Los que se molestan por el “imperialismo de los derechos humanos” y los que desprecian a los “fundamentalistas” y “primitivos” —términos mucho más suaves que los que vemos en redes sociales de parte de los distintos bandos—, no ven a los otros como personas que piensan distinto, sino como enemigos. Ni siquiera porque cambiamos de bando según sea el “trending topic” que nos induce a aliarnos con tal o cual facción, nos percatamos de que es mucho más lo que tenemos en común, que los que nos diferencia.

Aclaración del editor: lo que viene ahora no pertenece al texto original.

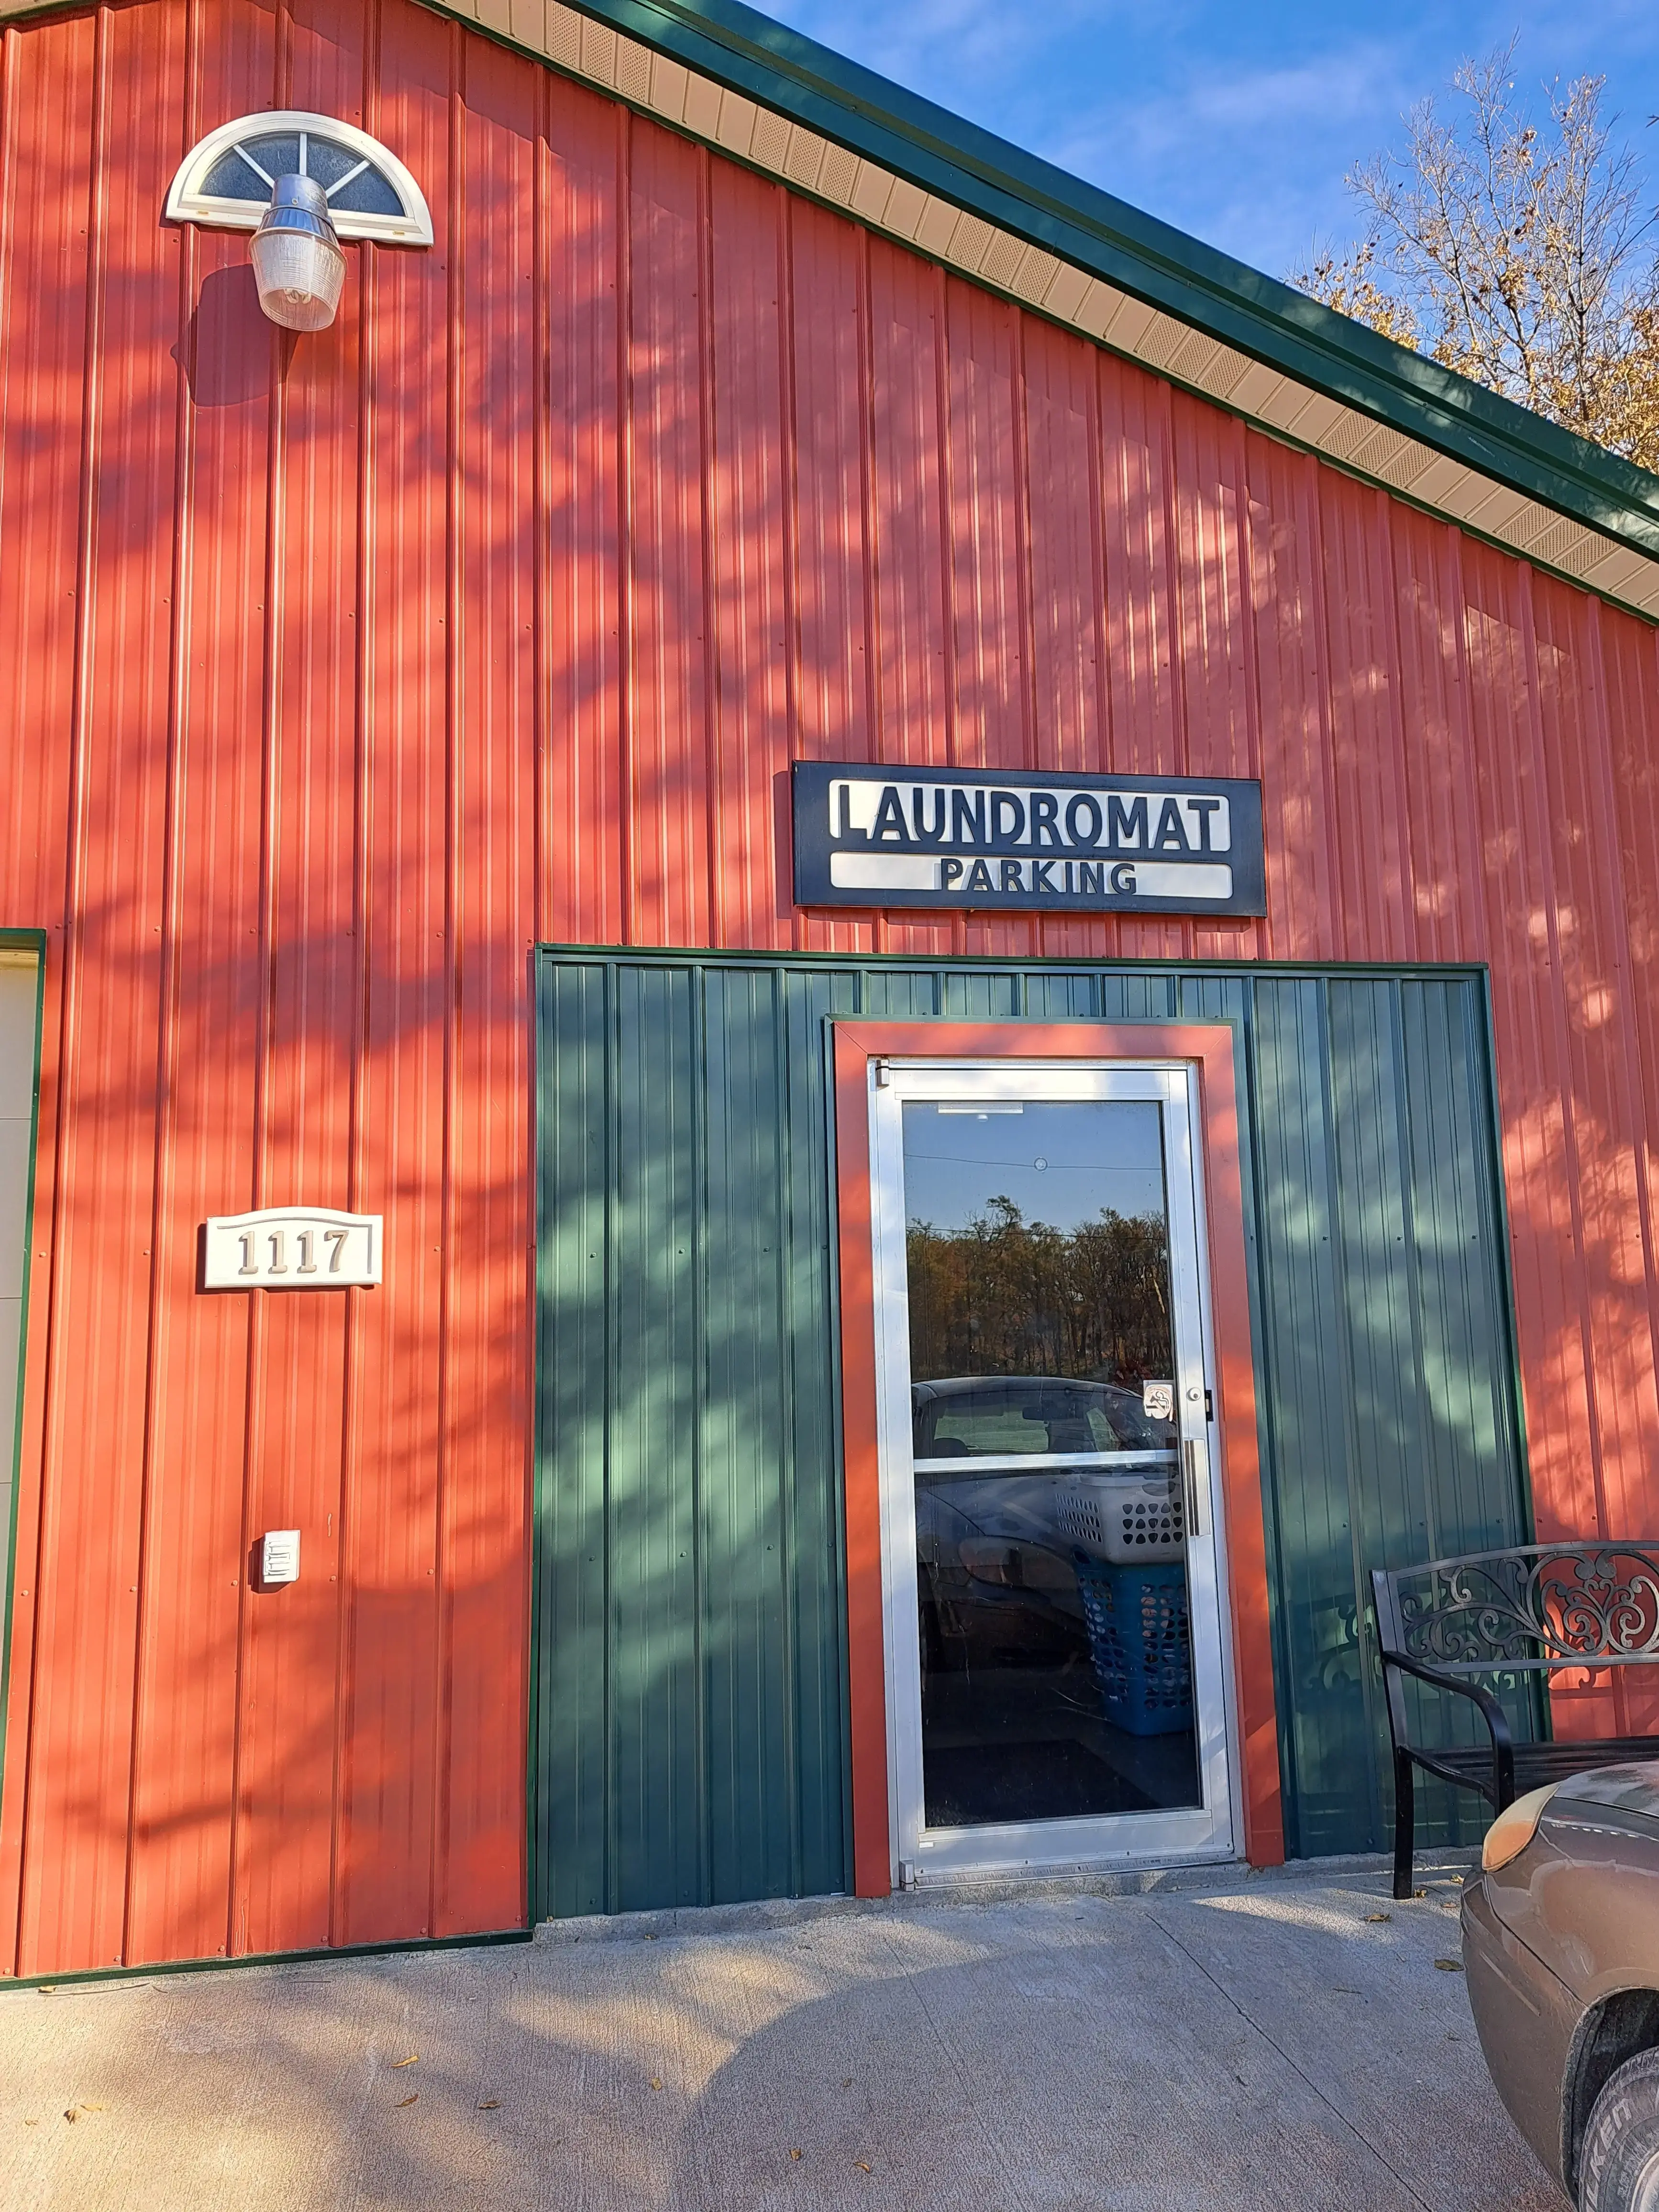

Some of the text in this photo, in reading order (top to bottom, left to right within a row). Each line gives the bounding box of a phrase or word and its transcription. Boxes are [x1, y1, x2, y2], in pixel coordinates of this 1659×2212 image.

[839, 784, 1220, 851] LAUNDROMAT
[941, 858, 1137, 895] PARKING
[238, 1230, 349, 1274] 1117

Uno de los factores que agravan la antipatía por “los otros” es la forma en que la manifestamos. Antes de la existencia de las redes sociales había una clara distinción entre el lenguaje oral y el escrito; al redactar un discurso o una carta se estilaba formalidad y cortesía. En el caso de los políticos, los profesionales y otras figuras públicas, el lenguaje escrito era la norma aún en una conversación en vivo; el lenguaje coloquial se limitaba a los círculos íntimos. El ejemplo más obvio de rompimiento con esa tradición lo encarna Trump, que se expresa en público y escribe sus tuits tal y como habla con sus amigotes: con vocabulario de “locker room”.

Aquí lo hemos visto en médicos, sacerdotes, asesores parlamentarios, artistas e influenciadores de todo pelambre. Personas con formación académica y supuestos valores cristianos, creen que Facebook, Twitter, WhatsApp y las demás redes son recintos íntimos en los que pueden expresarse sin consecuencias de formas que usualmente están reservadas para contextos íntimos. El exabrupto cometido por alguien genera reacciones de igual o mayor agresividad; las redes son enormes cámaras de violencia y vulgaridad verbal que magnifican las divergencias.

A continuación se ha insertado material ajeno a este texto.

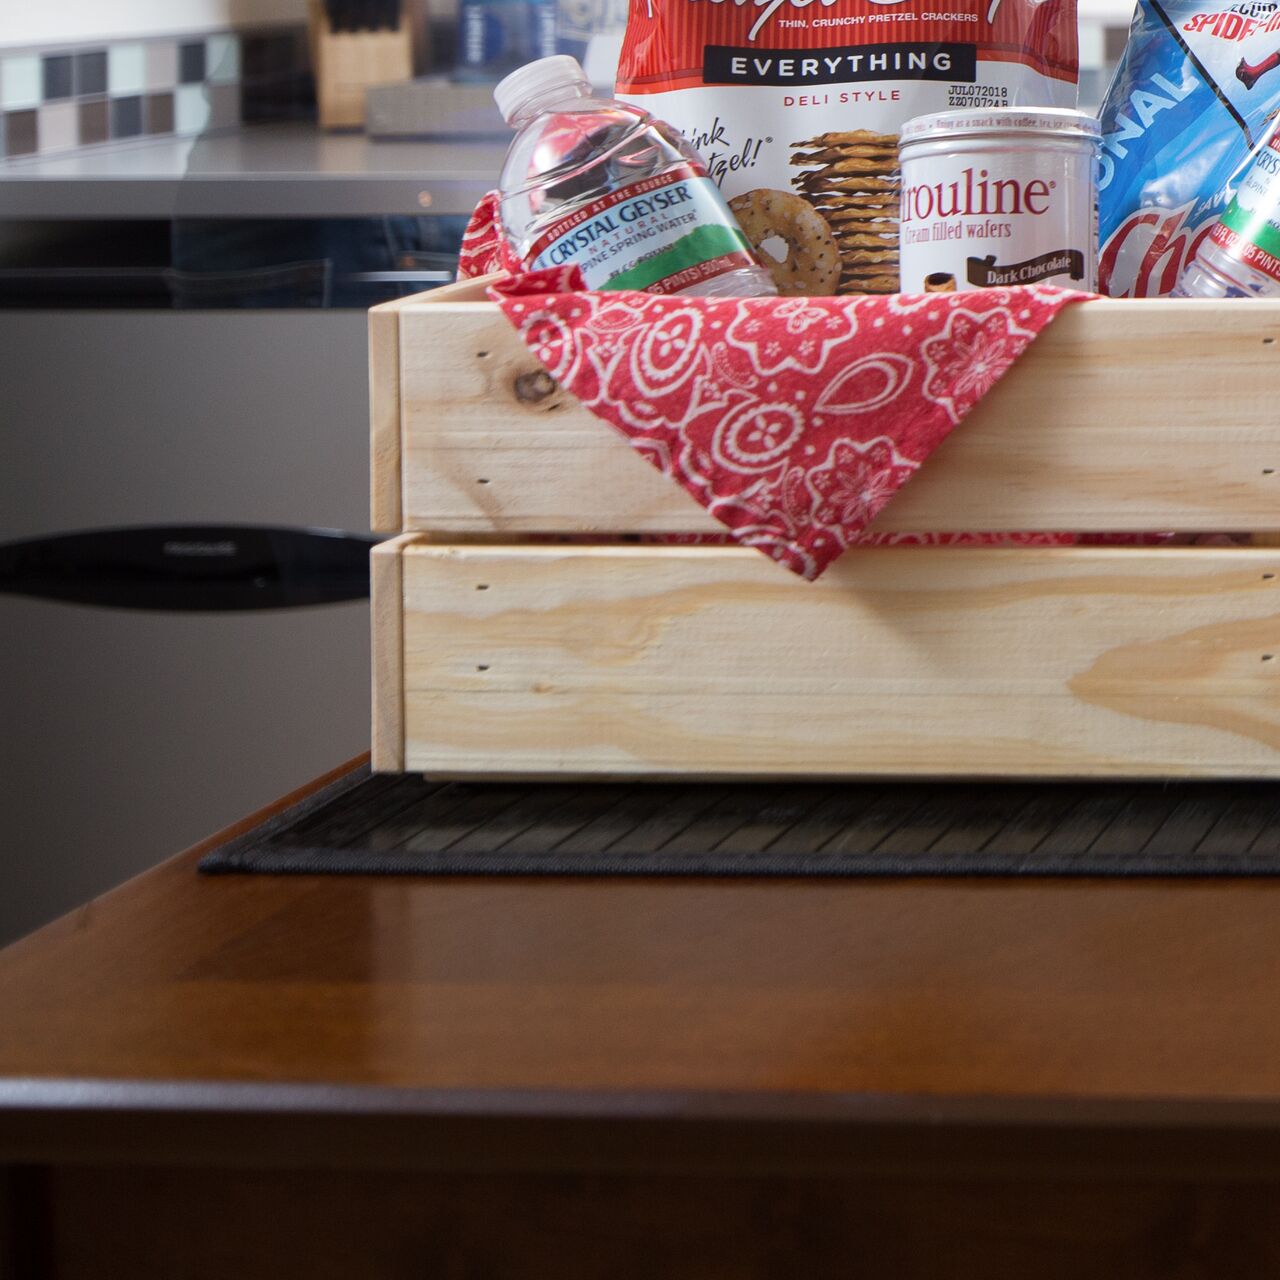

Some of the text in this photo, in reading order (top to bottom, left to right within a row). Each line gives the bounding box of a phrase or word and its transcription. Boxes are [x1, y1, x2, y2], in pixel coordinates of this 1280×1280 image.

[779, 12, 979, 29] THIN, CRUNCHY PRETZEL CRACKERS
[731, 52, 952, 77] EVERYTHING
[784, 90, 901, 106] DELI STYLE
[948, 85, 1008, 97] JUL072018
[547, 174, 674, 241] BOTTLED AT THE SOURCE
[549, 184, 693, 266] CRYSTAL GEYSER
[588, 213, 669, 255] NATURAL
[611, 227, 657, 257] SPRING
[656, 209, 698, 236] WATER
[932, 220, 962, 241] filled
[966, 220, 1012, 238] wafers
[986, 256, 1072, 285] Dark Chocolate

Los memes, los insultos y las etiquetas peyorativas empobrecen el debate público e impactan negativamente lo que pensamos y sentimos; pero lo más preocupante no es esa forma hostil en que estamos expresando nuestra antipatía hacia “los otros”. Lo más grave son los sentimientos subyacentes: la intolerancia, el desprecio, el odio; y la consecuente desmembración de la identidad costarricense. El choque creciente entre las civilizaciones que convivimos dentro de nuestro país es veneno para la paz social y para la convivencia democrática. En lugar de contribuir a la innovación y al enriquecimiento de nuestra idiosincrasia, la fricción cultural está saboteando la capacidad de ponernos de acuerdo y de colaborar en la solución de los problemas cada vez más graves que nos aquejan.

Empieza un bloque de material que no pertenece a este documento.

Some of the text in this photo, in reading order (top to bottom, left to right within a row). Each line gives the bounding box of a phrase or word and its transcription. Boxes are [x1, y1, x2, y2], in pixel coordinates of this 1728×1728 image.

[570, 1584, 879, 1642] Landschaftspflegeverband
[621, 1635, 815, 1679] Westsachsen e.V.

Ronald Heifetz, el gurú de ejercicio de liderazgo de Harvard, dice que las palabras acarrean consigo una memoria antigua que podemos descubrir recurriendo a su etimología. Conocer las raíces y las derivaciones de las palabras que usamos nos muestra conexiones ocultas con otras palabras; al explorar esas conexiones no aparentes descubrimos capas de significados subterráneos que se manifiestan en las dinámicas sociales. Por eso cierro esta reflexión invocando la palabra moderación. Moderación deriva de la raíz indo-europea med- que significa tomar medidas apropiadas, dentro de límites razonables. Otras derivaciones de la raíz med- son modestia y medicina. Tener modestia sin duda conduce a la moderación en el actuar y en el hablar. De ambas medicinas está urgida nuestra convivencia.